Department of Population Health Sciences, Weill Cornell Medical College, New York, NY, United States of America.
Information Technologies & Services Department, Weill Cornell Medicine, New York, NY, United States of America.
PLoS One. 2020 Jun 25;15(6):e0235064. doi: 10.1371/journal.pone.0235064. eCollection 2020.
Early hospital readmissions or deaths are key healthcare quality measures in pay-for-performance programs. Predictive models could identify patients at higher risk of readmission or death and target interventions. However, existing models usually do not incorporate social determinants of health (SDH) information, although this information is of great importance to address health disparities related to social risk factors. The objective of this study is to examine the impact of social determinants of health on predictive models for potentially avoidable 30-day readmission.
We extracted electronic health record data for 19,941 hospital admissions between January 2015 and November 2017 at an academic medical center in New York City. We applied the Simplified HOSPITAL score model to predict potentially avoidable 30-day readmission or death and examined if incorporating individual- and community-level SDH could improve the prediction using cross-validation. We calculated the C-statistic for discrimination, Brier score for accuracy, and Hosmer-Lemeshow test for calibration for each model using logistic regression. Analysis was conducted for all patients and three subgroups that may be disproportionately affected by social risk factors, namely Medicaid patients, patients who are 65 or older, and obese patients.
The Simplified HOSPITAL score model achieved similar performance in our sample compared to previous studies. Adding SDH did not improve the prediction among all patients. However, adding individual- and community-level SDH at the US census tract level significantly improved the prediction for all three subgroups. Specifically, C-statistics improved from 0.70 to 0.73 for Medicaid patients, from 0.66 to 0.68 for patients 65 or older, and from 0.70 to 0.73 for obese patients.

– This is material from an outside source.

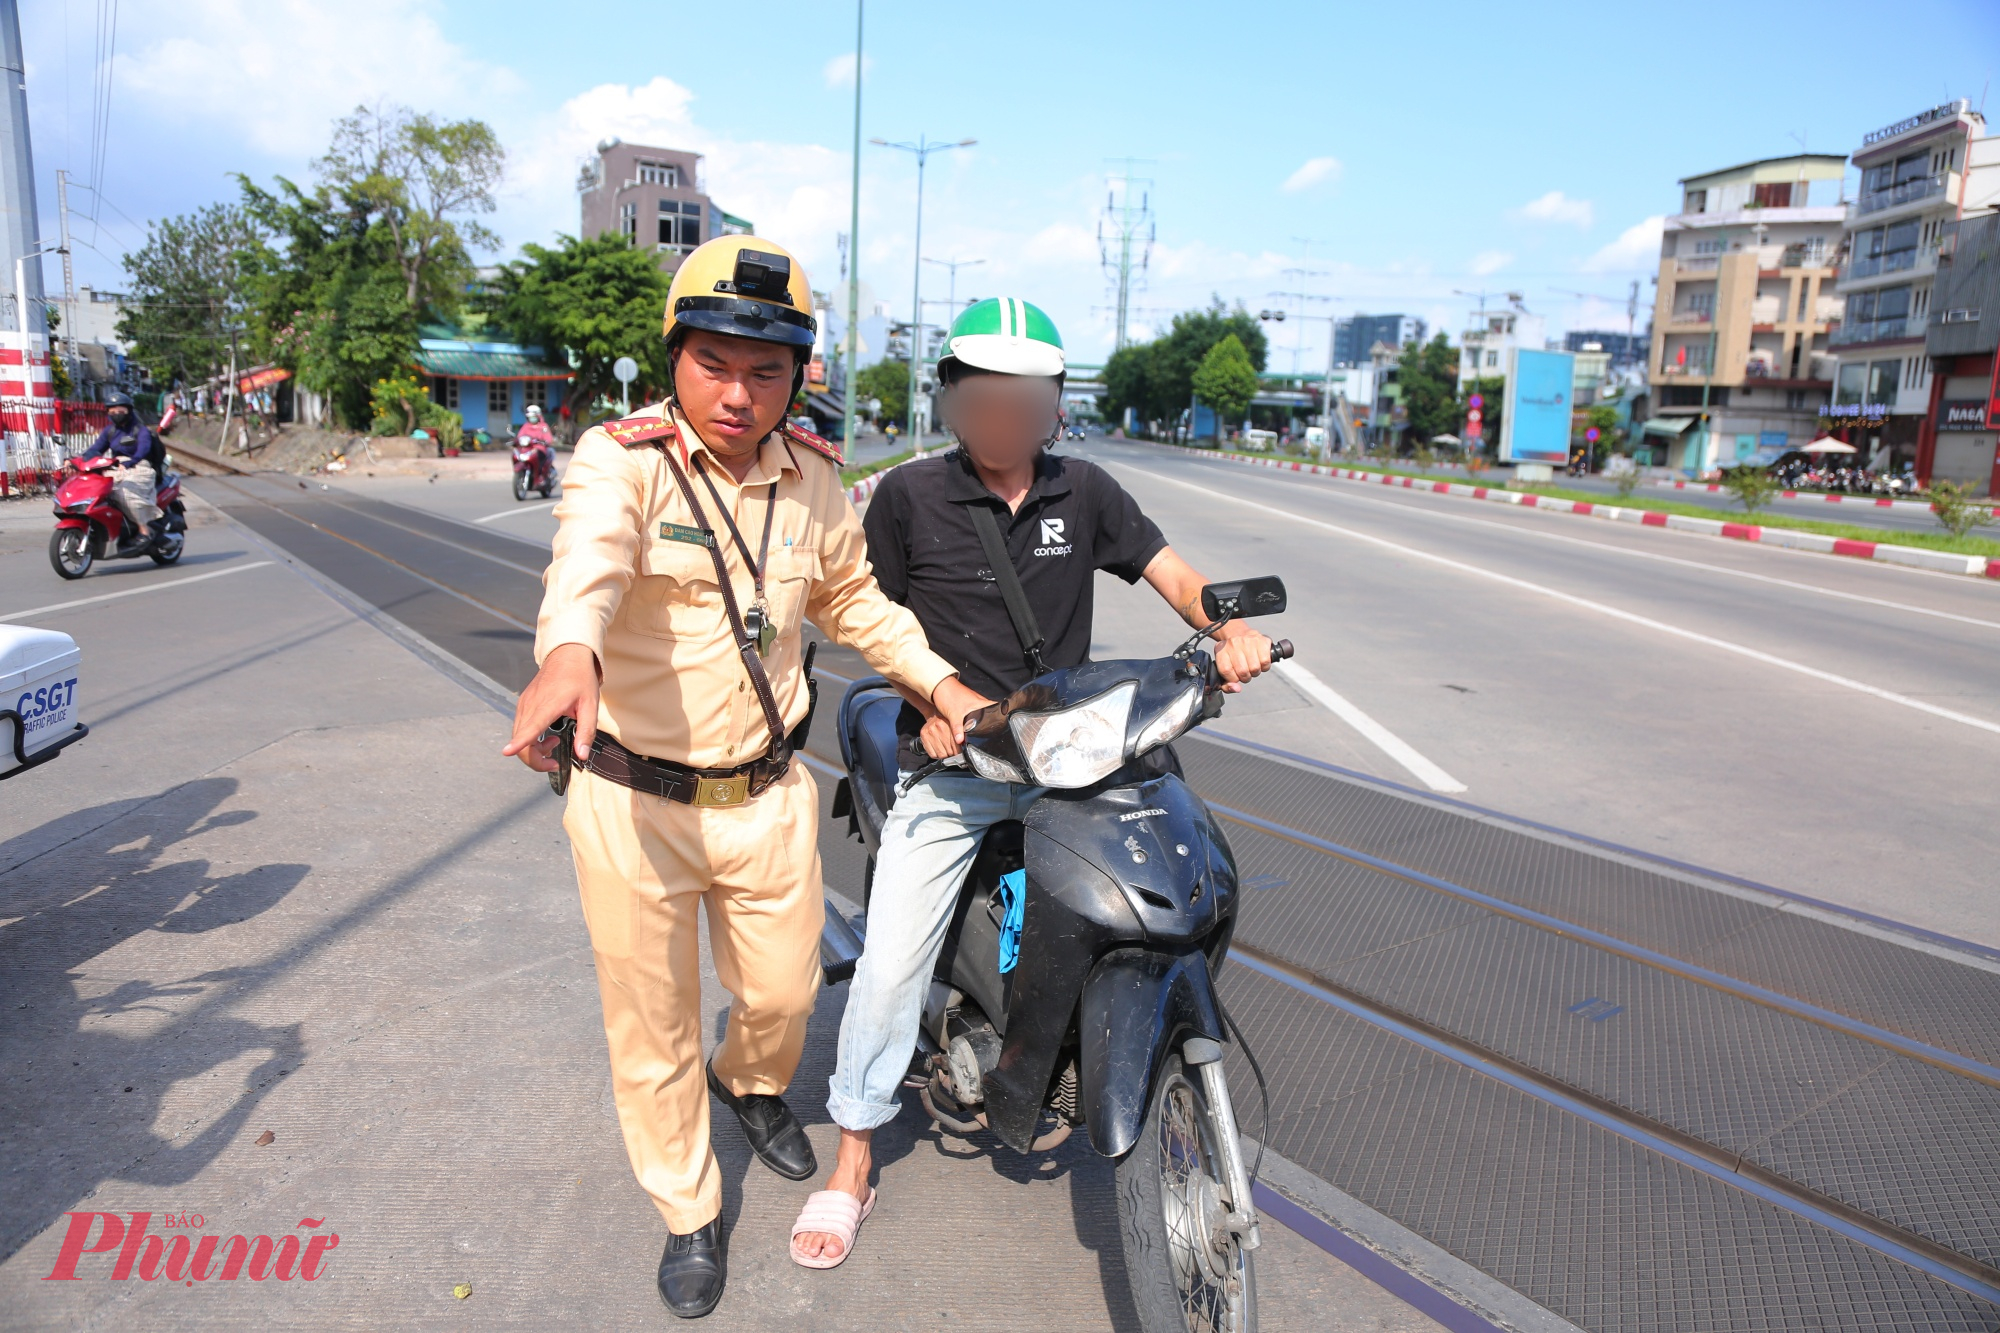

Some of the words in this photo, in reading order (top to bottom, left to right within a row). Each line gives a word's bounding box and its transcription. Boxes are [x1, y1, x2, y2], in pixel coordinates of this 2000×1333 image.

Patients from certain subgroups may be more likely to be affected by social risk factors. Incorporating SDH into predictive models may be helpful to identify these patients and reduce health disparities associated with vulnerable social conditions.
医院早期再入院或死亡是按绩效付费计划中的关键医疗质量指标。预测模型可以识别再入院或死亡风险较高的患者,并针对这些患者进行干预。然而,现有的模型通常不包含健康的社会决定因素(social determinants of health,SDH)信息,尽管这些信息对于解决与社会风险因素相关的健康差异非常重要。本研究的目的是检验健康的社会决定因素对预测模型在预测可避免的 30 天再入院方面的影响。
我们从纽约市一所学术医疗中心 2015 年 1 月至 2017 年 11 月期间的 19941 例住院记录中提取了电子健康记录数据。我们应用简化 HOSPITAL 评分模型来预测可避免的 30 天再入院或死亡,并通过交叉验证检验纳入个体和社区层面的健康的社会决定因素是否可以提高预测效果。我们使用逻辑回归计算了每个模型的判别 C 统计量、准确性的 Brier 评分和校准的 Hosmer-Lemeshow 检验。分析包括所有患者和三个可能受到社会风险因素不成比例影响的亚组,即医疗补助计划患者、65 岁或以上的患者和肥胖患者。
简化 HOSPITAL 评分模型在我们的样本中与之前的研究相比表现相似。添加健康的社会决定因素并不能提高所有患者的预测效果。然而,在使用美国人口普查区层面的个体和社区层面健康的社会决定因素时,所有三个亚组的预测效果都得到了显著提高。具体来说,医疗补助计划患者的 C 统计量从 0.70 提高到 0.73,65 岁或以上患者的 C 统计量从 0.66 提高到 0.68,肥胖患者的 C 统计量从 0.70 提高到 0.73。
某些亚组的患者可能更容易受到社会风险因素的影响。将健康的社会决定因素纳入预测模型可能有助于识别这些患者,并减少与脆弱社会状况相关的健康差异。